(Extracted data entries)
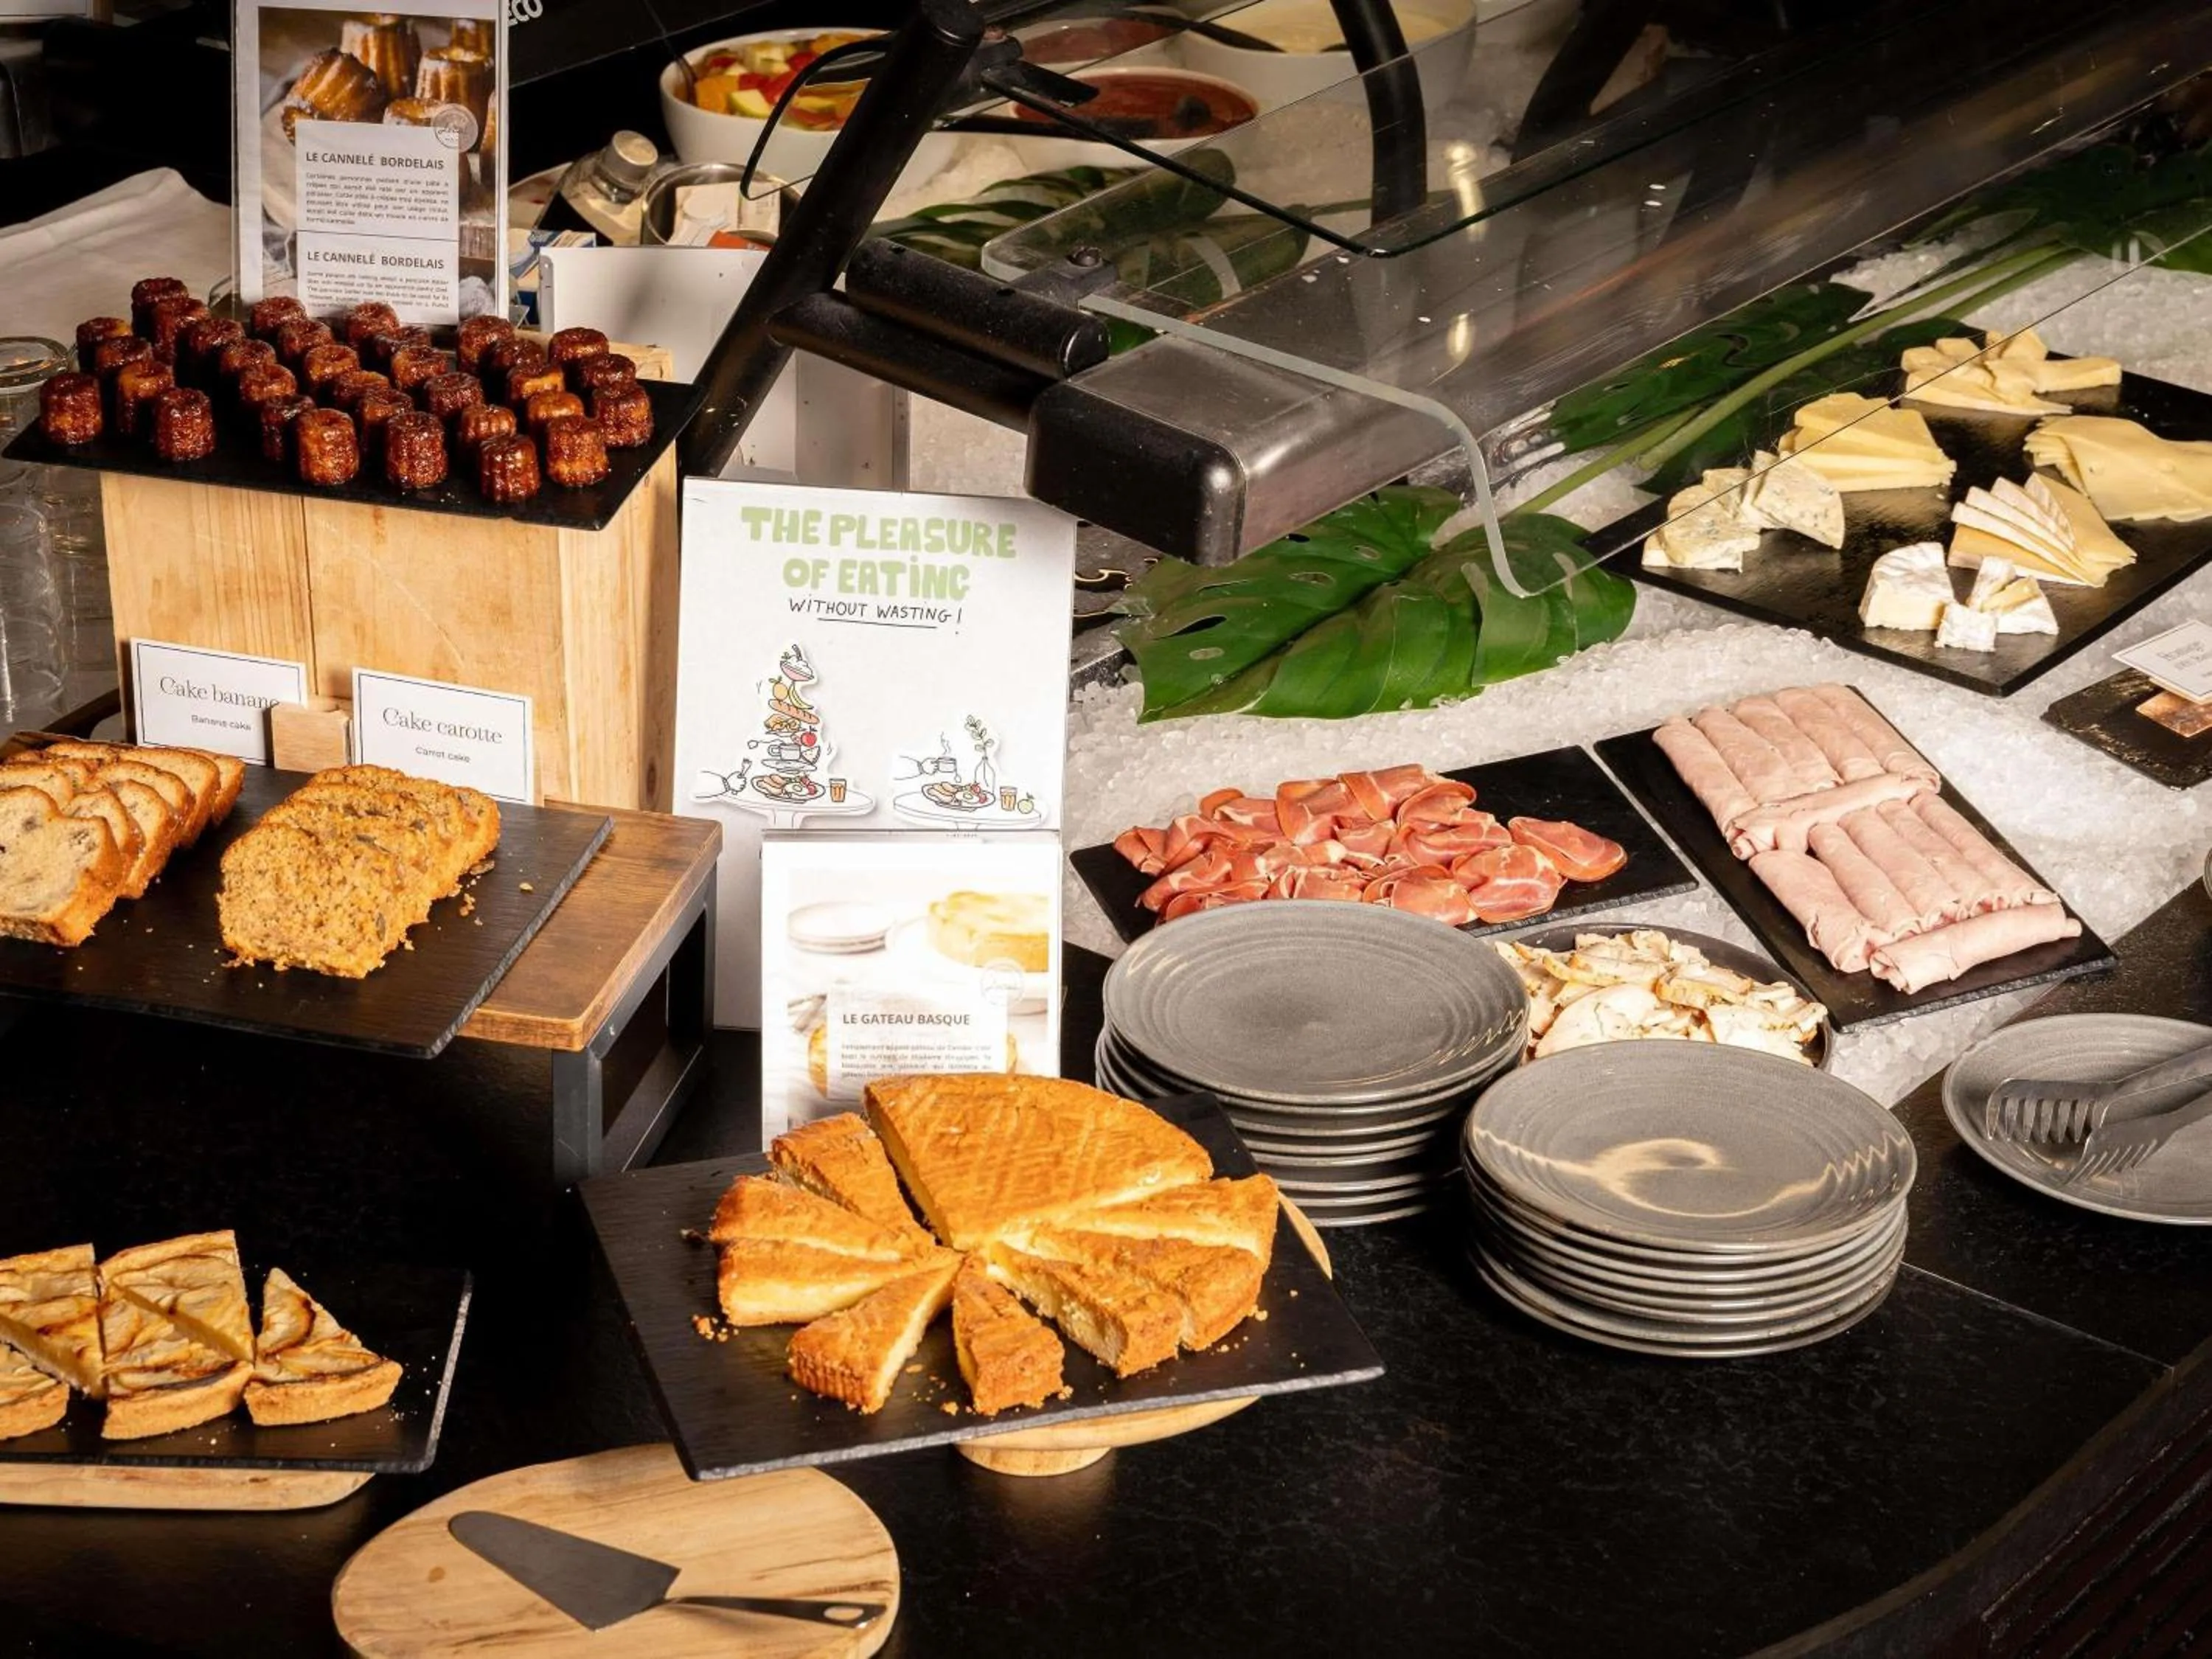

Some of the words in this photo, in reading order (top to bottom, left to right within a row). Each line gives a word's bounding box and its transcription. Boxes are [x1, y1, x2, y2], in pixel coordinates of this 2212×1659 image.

[306, 152, 318, 161] LE
[321, 153, 374, 165] CANNELÉ
[380, 156, 444, 170] BORDELAIS
[307, 251, 319, 261] LE
[381, 256, 444, 269] BORDELAIS
[741, 507, 822, 545] THE
[829, 514, 1017, 559] PLEASURE
[782, 557, 830, 590] OF
[789, 594, 868, 616] WITHOUT
[160, 676, 208, 700] Cake
[212, 684, 280, 709] banane
[383, 707, 431, 732] Cake
[437, 720, 502, 744] carotte
[415, 746, 445, 759] Carrot
[448, 752, 470, 763] cake
[843, 1014, 858, 1024] LE
[861, 1014, 914, 1025] GATEAU
[918, 1014, 970, 1026] BASQUE

» **ASSIGNMENT**
The entries above must be output exactly, with every image left out.

» **SOLUTION FOR THIS EXERCISE**
Some of the words in this photo, in reading order (top to bottom, left to right within a row). Each line gives a word's bounding box and its transcription. Boxes are [x1, y1, x2, y2], in pixel coordinates of this 2212×1659 image.

[306, 152, 318, 161] LE
[321, 153, 374, 165] CANNELÉ
[380, 156, 444, 170] BORDELAIS
[307, 251, 319, 261] LE
[381, 256, 444, 269] BORDELAIS
[741, 507, 822, 545] THE
[829, 514, 1017, 559] PLEASURE
[782, 557, 830, 590] OF
[789, 594, 868, 616] WITHOUT
[160, 676, 208, 700] Cake
[212, 684, 280, 709] banane
[383, 707, 431, 732] Cake
[437, 720, 502, 744] carotte
[415, 746, 445, 759] Carrot
[448, 752, 470, 763] cake
[843, 1014, 858, 1024] LE
[861, 1014, 914, 1025] GATEAU
[918, 1014, 970, 1026] BASQUE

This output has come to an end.